Il grande amore che nutriamo nei confronti dello sport va necessariamente accompagnato dalla consapevolezza che ogni evento può avere un notevole impatto ambientale. Alcuni progetti di ricerca (come ad esempio Life Tackle, finanziato dall’UE) hanno messo in luce i criteri sui quali lavorare affinché ogni competizione sia veramente sostenibile: vanno ottimizzati i consumi energetici, ridotti e riciclati i rifiuti ed evitati gli sprechi di cibo, acqua e altre risorse naturali. 

Un punto molto critico è rappresentato dalle emissioni di CO2 causate dagli spostamenti di atleti e tifosi. Questo pone una scelta: costruire nuovi impianti fuori città, riducendo il consumo di suolo urbano, oppure ristrutturare quelli già esistenti, come hanno fatto Real Madrid e Tottenham, con il rischio di aumentare la pressione su aree già densamente urbanizzate.

Su questi temi si sono già da tempo attivate società e federazioni, con best practice come quella rappresentata dalla Premier League. Il massimo campionato di calcio inglese vanta splendidi stadi sempre più eco-friendly, con elevatissime percentuali di riciclo dei rifiuti e riduzione della plastica, e presenta opzioni vegane in tutti i servizi di ristorazione ai tifosi. 

I campi sintetici hanno i giorni contati

Si parla invece molto poco di un passaggio davvero rivoluzionario: il bando ai campi in erba sintetica che l’Unione Europea ha fissato per il 2030. La decisione è dovuta ai riempimenti in gomma, formati dai ben noti pallini dal diametro intorno ai 2,5 mm che servono ad assorbire gli urti, diminuire la scivolosità e facilitare i rimbalzi del pallone.  

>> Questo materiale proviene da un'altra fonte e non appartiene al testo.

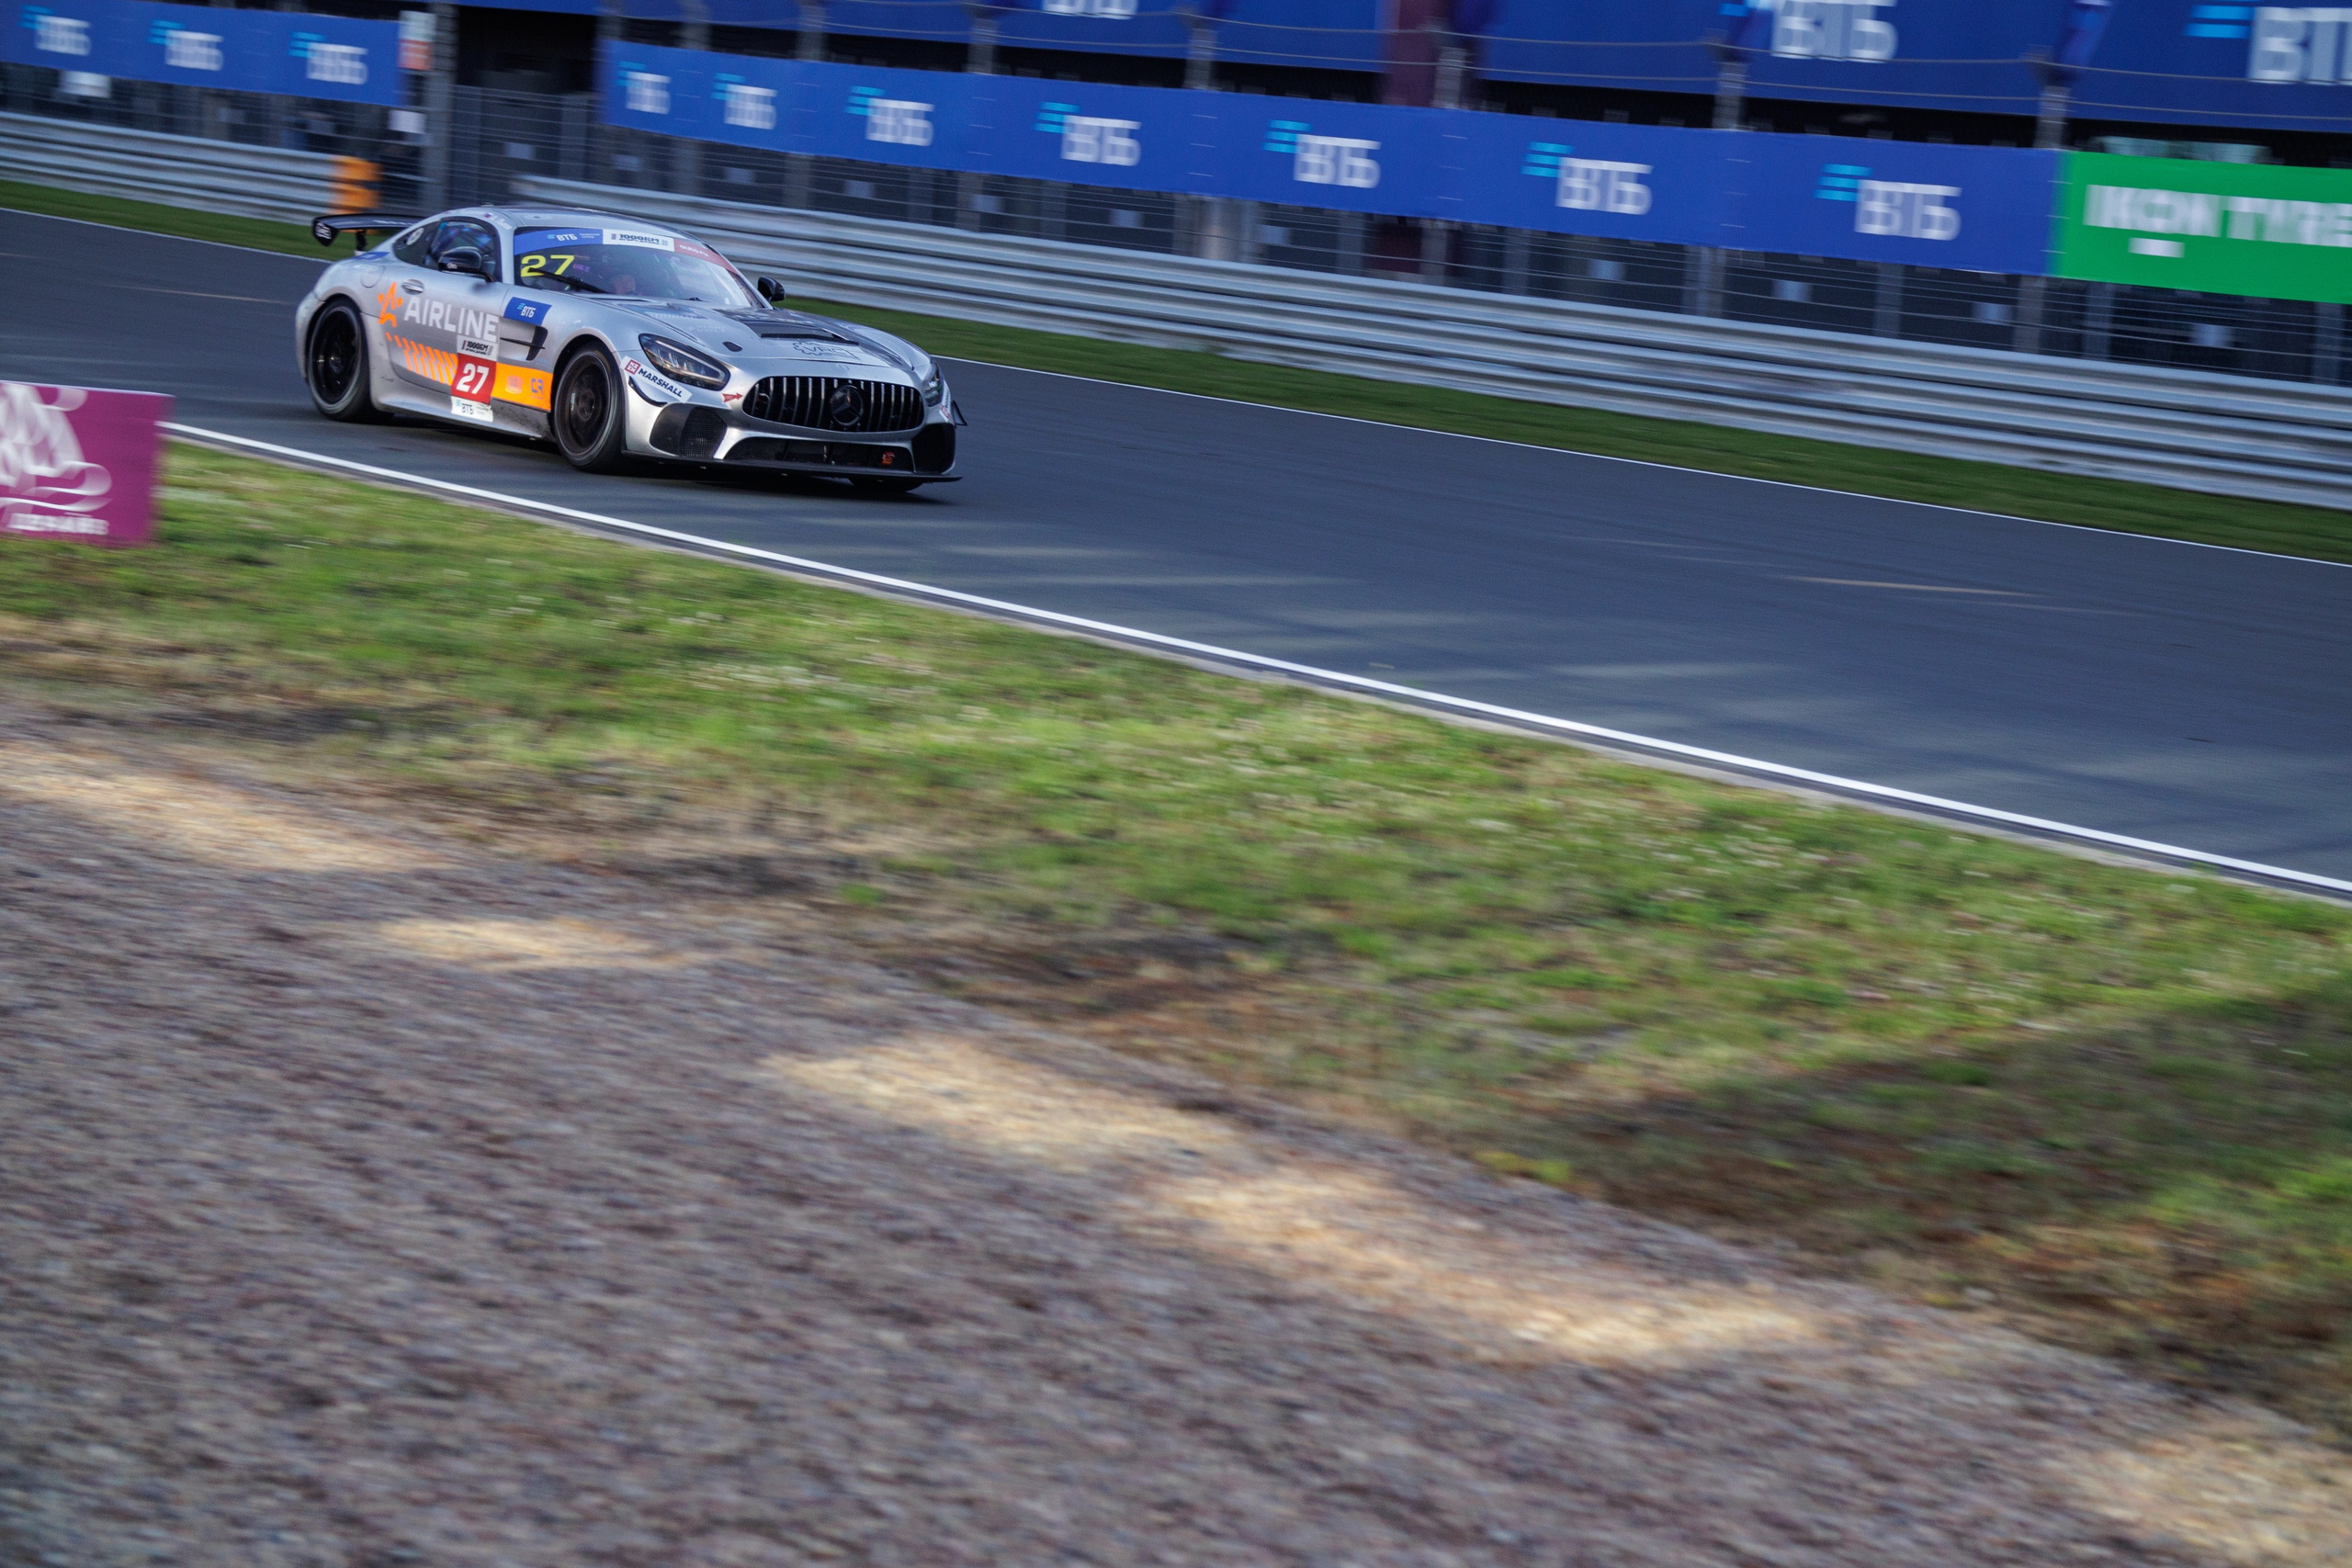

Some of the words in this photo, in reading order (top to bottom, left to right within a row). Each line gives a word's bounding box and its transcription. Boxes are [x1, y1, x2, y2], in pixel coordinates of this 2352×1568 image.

[556, 233, 578, 242] ВТБ
[520, 254, 575, 277] 27
[403, 296, 499, 343] AIRLINE
[520, 305, 537, 319] ВТБ
[456, 362, 490, 395] 27
[638, 367, 684, 398] MARSHALL

Questi “intasi prestazionali”, ricavati dal riciclo di pneumatici esausti, rilasciano microplastiche, pericolose per la salute. I riempimenti di origine naturale si usano solo nel 5% dei terreni sintetici, che in Italia sono 2.954, il 22% circa dei 13.249 campi da calcio del paese. Alle conseguenze economiche (su cui torneremo a breve), si aggiungono quelle ambientali, legate allo smaltimento dei campi e degli pneumatici a fine vita, che oggi vengono principalmente riutilizzati come intaso per i manti sintetici: a ogni livello, occuparsi degli impianti è fondamentale, in una prospettiva di futuro sostenibile.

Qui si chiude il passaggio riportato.